> Work task
Find the line with "Some of the text" in the listing below. Write it out exactly, along with every later line up to the final one.
•••
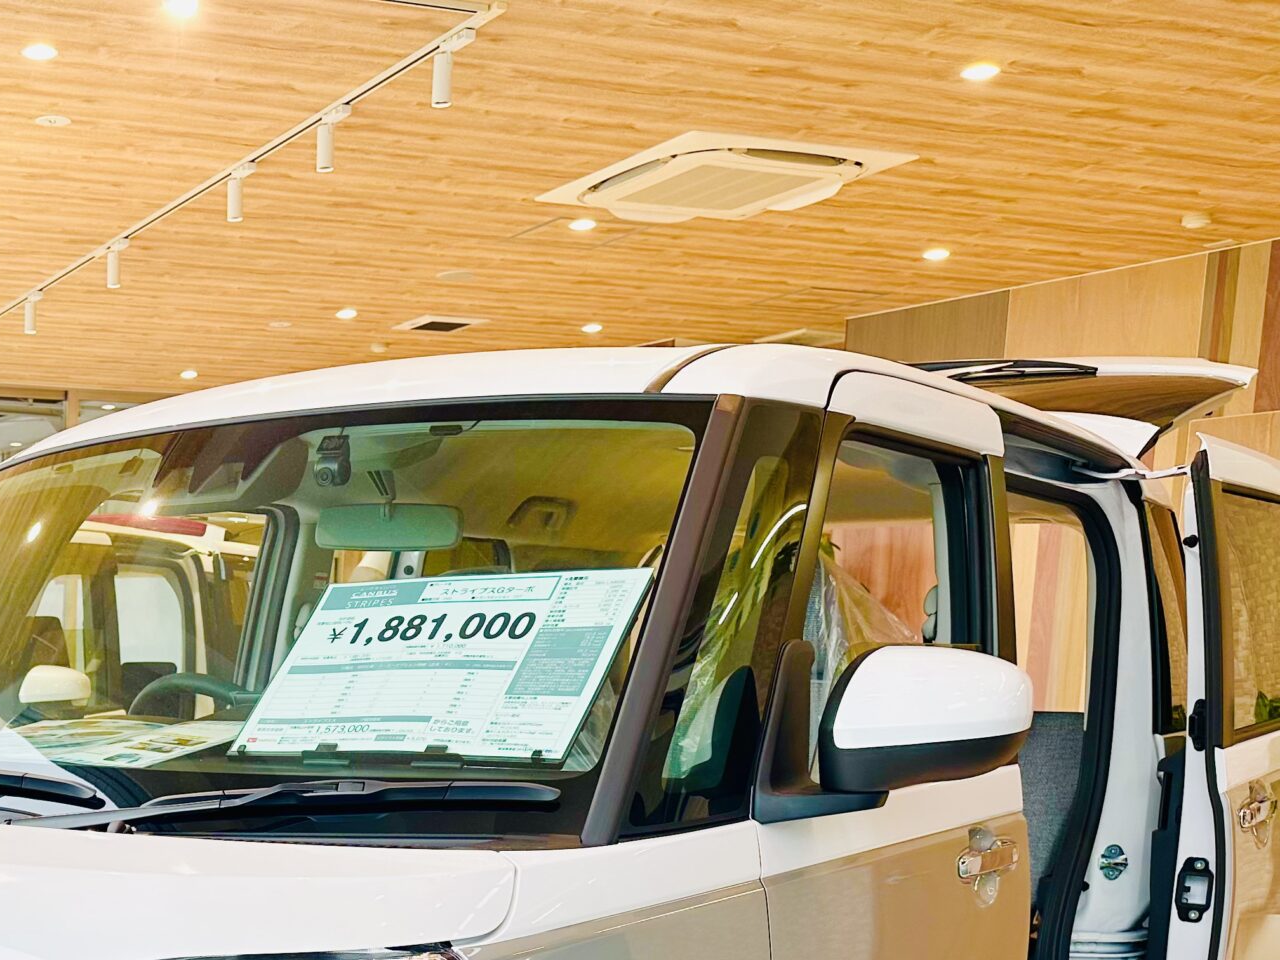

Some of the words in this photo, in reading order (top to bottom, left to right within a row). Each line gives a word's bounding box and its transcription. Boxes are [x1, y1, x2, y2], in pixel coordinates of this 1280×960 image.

[351, 588, 399, 598] CANBUS
[441, 585, 537, 595] ストライプスGターボ
[345, 598, 394, 609] STRIPES
[316, 724, 369, 734] 1,573,000
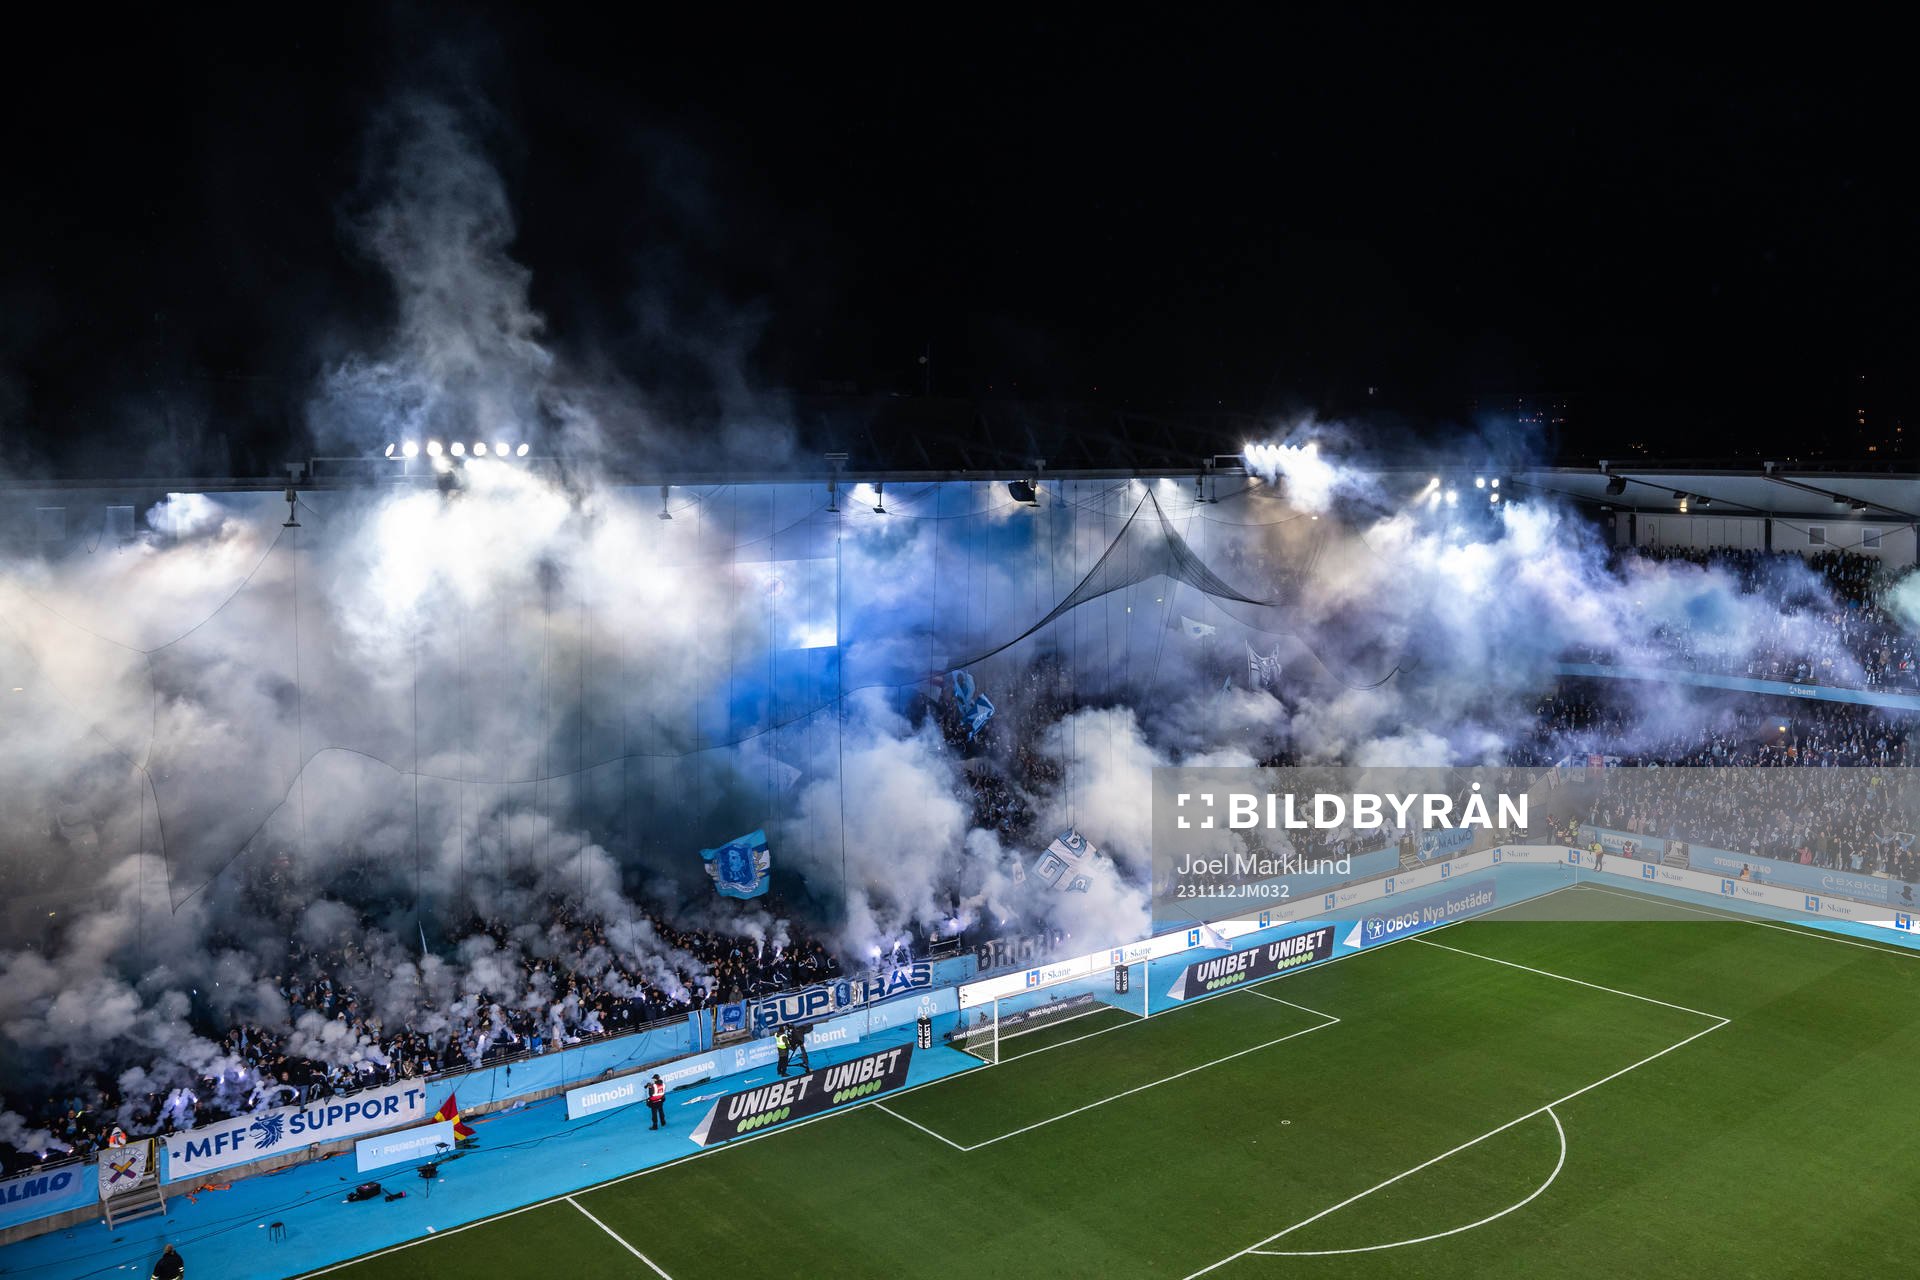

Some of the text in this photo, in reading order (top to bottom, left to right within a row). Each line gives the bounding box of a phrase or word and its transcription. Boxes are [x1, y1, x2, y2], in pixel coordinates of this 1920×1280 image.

[1387, 890, 1493, 933] OBOS Nya bostäder
[1197, 930, 1326, 982] UNIBET UNIBET
[581, 1082, 634, 1108] tillmobil
[728, 1049, 902, 1121] UNIBET UNIBET
[184, 1088, 419, 1163] MFF SUPPORT
•••
> Answer box
Some of the text in this photo, in reading order (top to bottom, left to right within a row). Each line gives the bounding box of a phrase or word and its transcription. Boxes are [x1, y1, x2, y2], in pixel coordinates of this 1920×1280 image.

[1387, 890, 1493, 933] OBOS Nya bostäder
[1197, 930, 1326, 982] UNIBET UNIBET
[581, 1082, 634, 1108] tillmobil
[728, 1049, 902, 1121] UNIBET UNIBET
[184, 1088, 419, 1163] MFF SUPPORT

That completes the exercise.